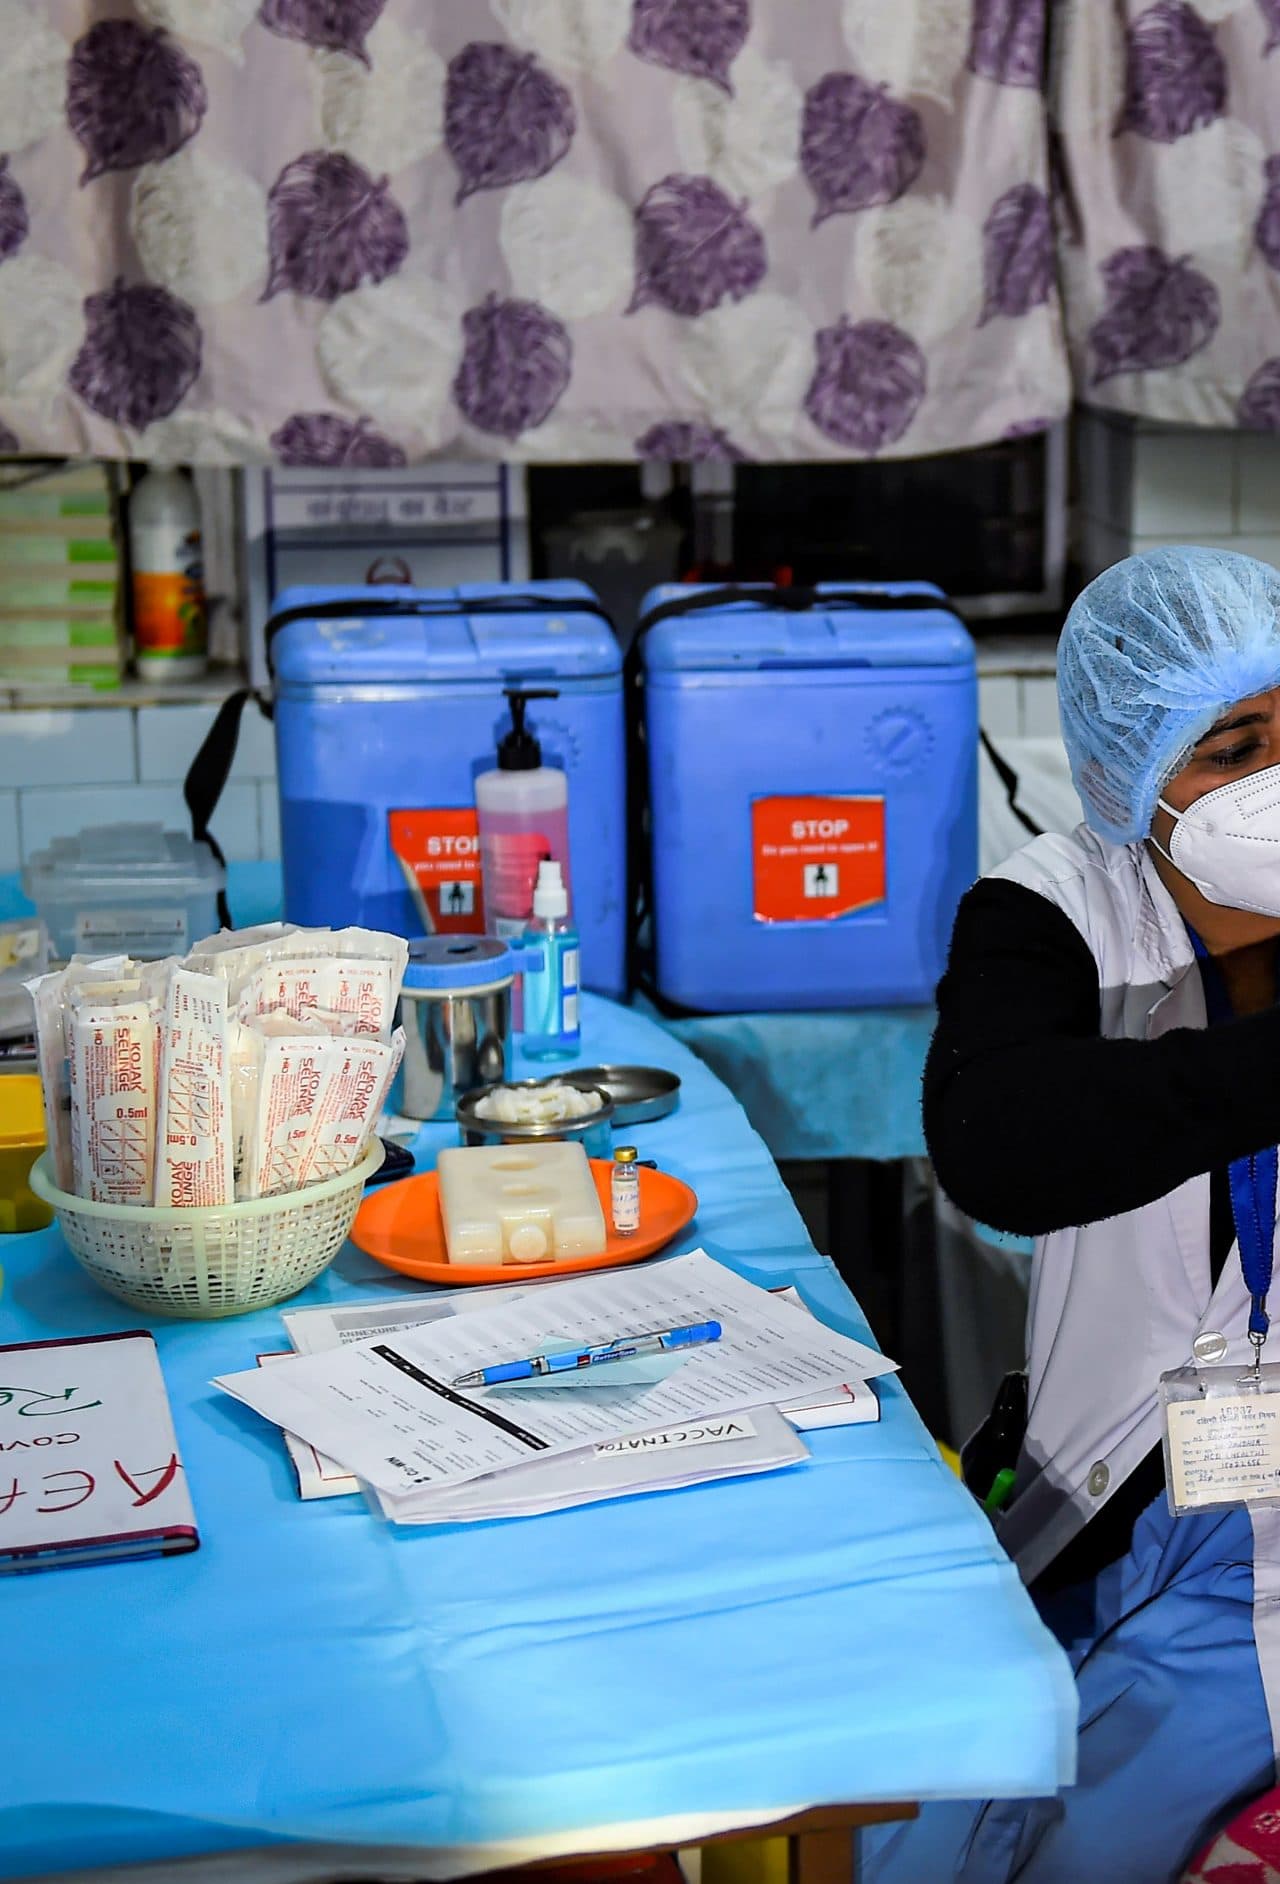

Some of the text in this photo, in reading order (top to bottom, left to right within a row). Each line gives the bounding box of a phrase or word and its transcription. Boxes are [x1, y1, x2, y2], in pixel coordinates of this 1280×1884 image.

[791, 820, 849, 838] STOP
[369, 996, 383, 1034] KOJA
[117, 1028, 131, 1092] SELINGE
[131, 1042, 142, 1092] KOJAK
[294, 1058, 313, 1116] SELINGE
[304, 1071, 321, 1116] KOJAK
[350, 1061, 373, 1120] SELINGE
[357, 1075, 378, 1122] KOJAK
[116, 1107, 148, 1119] 0.5ml
[167, 1134, 197, 1146] 0.5ml
[334, 1133, 360, 1144] 0.5ml
[171, 1161, 184, 1208] KOJAK
[339, 1326, 401, 1338] ANNEXURE
[595, 1423, 743, 1452] VACCINATOR

WHAT TO PRODUCE -
The answer must be an exact copy of every record above, minus the pictures.

REPLY -
Some of the text in this photo, in reading order (top to bottom, left to right within a row). Each line gives the bounding box of a phrase or word and its transcription. Boxes are [x1, y1, x2, y2], in pixel coordinates of this 1280×1884 image.

[791, 820, 849, 838] STOP
[369, 996, 383, 1034] KOJA
[117, 1028, 131, 1092] SELINGE
[131, 1042, 142, 1092] KOJAK
[294, 1058, 313, 1116] SELINGE
[304, 1071, 321, 1116] KOJAK
[350, 1061, 373, 1120] SELINGE
[357, 1075, 378, 1122] KOJAK
[116, 1107, 148, 1119] 0.5ml
[167, 1134, 197, 1146] 0.5ml
[334, 1133, 360, 1144] 0.5ml
[171, 1161, 184, 1208] KOJAK
[339, 1326, 401, 1338] ANNEXURE
[595, 1423, 743, 1452] VACCINATOR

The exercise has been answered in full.